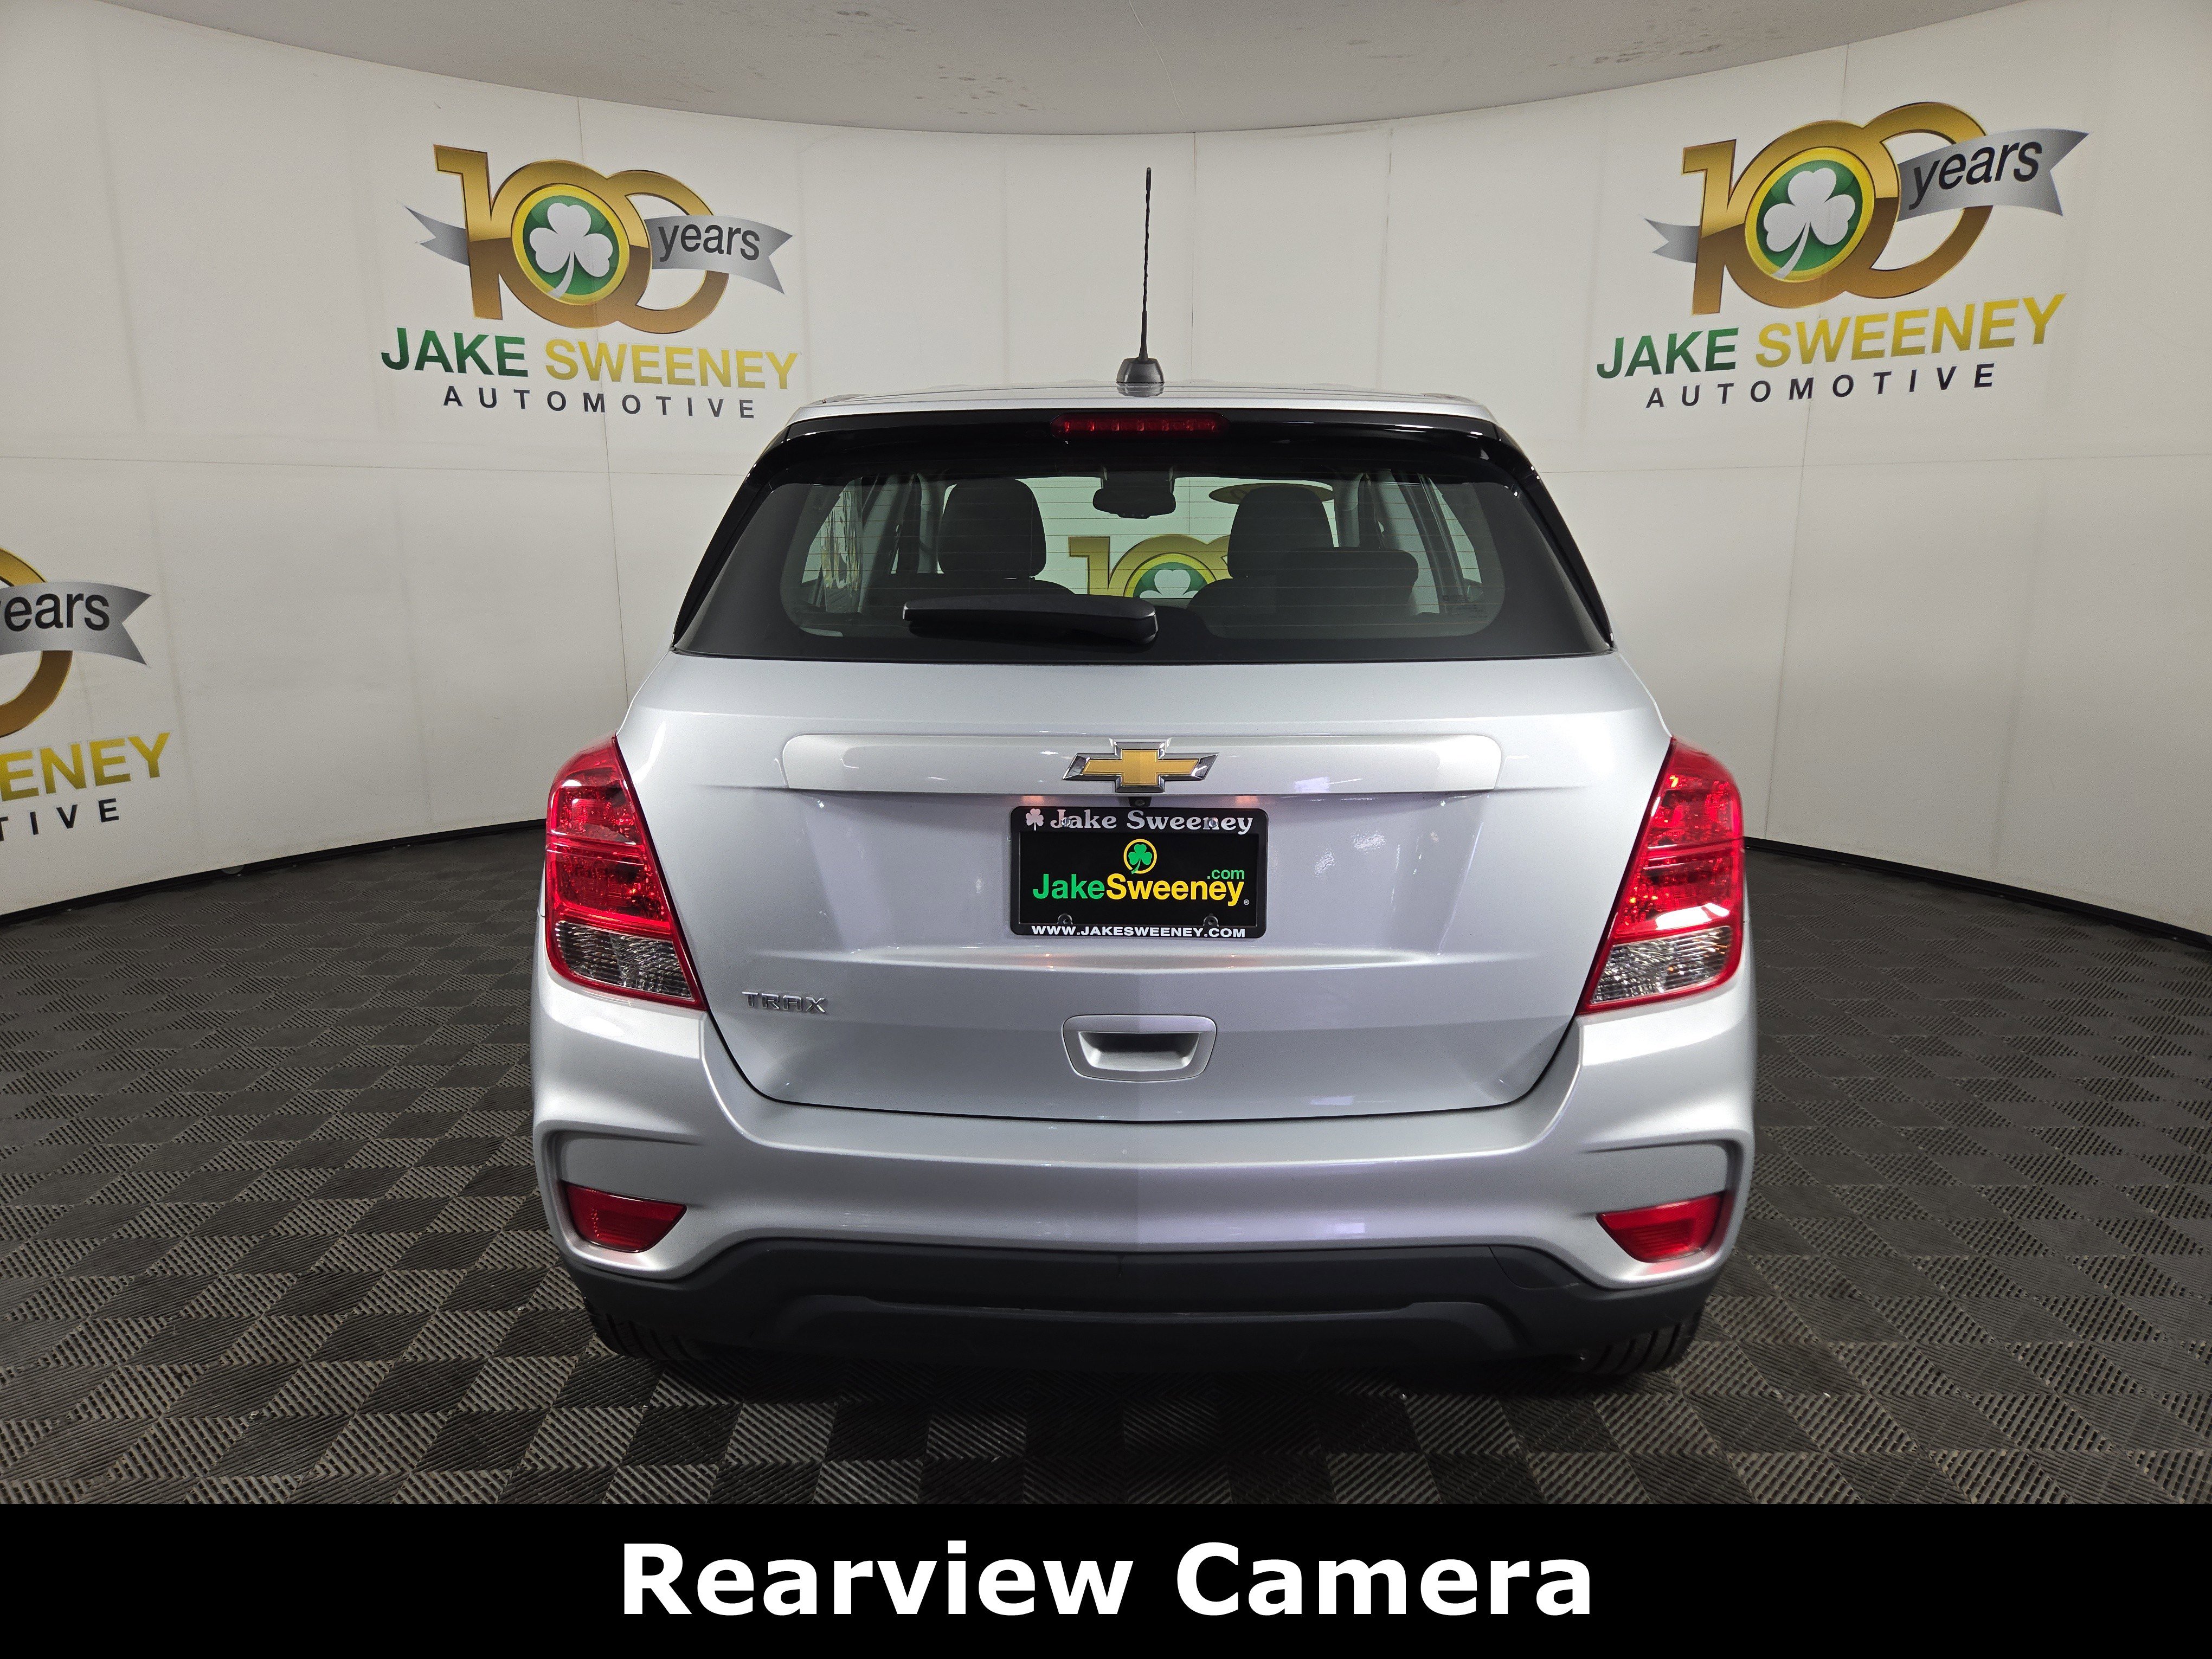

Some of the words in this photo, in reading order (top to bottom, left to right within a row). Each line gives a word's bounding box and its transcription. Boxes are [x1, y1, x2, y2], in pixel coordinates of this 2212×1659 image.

[1683, 101, 1994, 316] 100
[1908, 141, 2043, 210] years
[433, 144, 730, 334] 100
[658, 223, 761, 262] years
[1596, 327, 1739, 379] JAKE
[1756, 293, 2066, 368] SWEENEY
[381, 327, 529, 377] JAKE
[545, 338, 799, 390] SWEENEY
[443, 385, 755, 419] AUTOMOTIVE
[1645, 363, 1996, 409] AUTOMOTIVE
[0, 592, 110, 632] ears
[1050, 808, 1117, 829] Jake
[1127, 809, 1253, 835] Sweeney
[1032, 925, 1246, 938] WWW.JAKESWEENEY.COM
[742, 991, 826, 1013] TRAX

- [INSTRUCTIONS TO FOLLOW]
Quote the records in their entirety, keeping the wording exact and excluding pictures.

- [ANSWER BOX]
Some of the words in this photo, in reading order (top to bottom, left to right within a row). Each line gives a word's bounding box and its transcription. Boxes are [x1, y1, x2, y2], in pixel coordinates of this 2212×1659 image.

[1683, 101, 1994, 316] 100
[1908, 141, 2043, 210] years
[433, 144, 730, 334] 100
[658, 223, 761, 262] years
[1596, 327, 1739, 379] JAKE
[1756, 293, 2066, 368] SWEENEY
[381, 327, 529, 377] JAKE
[545, 338, 799, 390] SWEENEY
[443, 385, 755, 419] AUTOMOTIVE
[1645, 363, 1996, 409] AUTOMOTIVE
[0, 592, 110, 632] ears
[1050, 808, 1117, 829] Jake
[1127, 809, 1253, 835] Sweeney
[1032, 925, 1246, 938] WWW.JAKESWEENEY.COM
[742, 991, 826, 1013] TRAX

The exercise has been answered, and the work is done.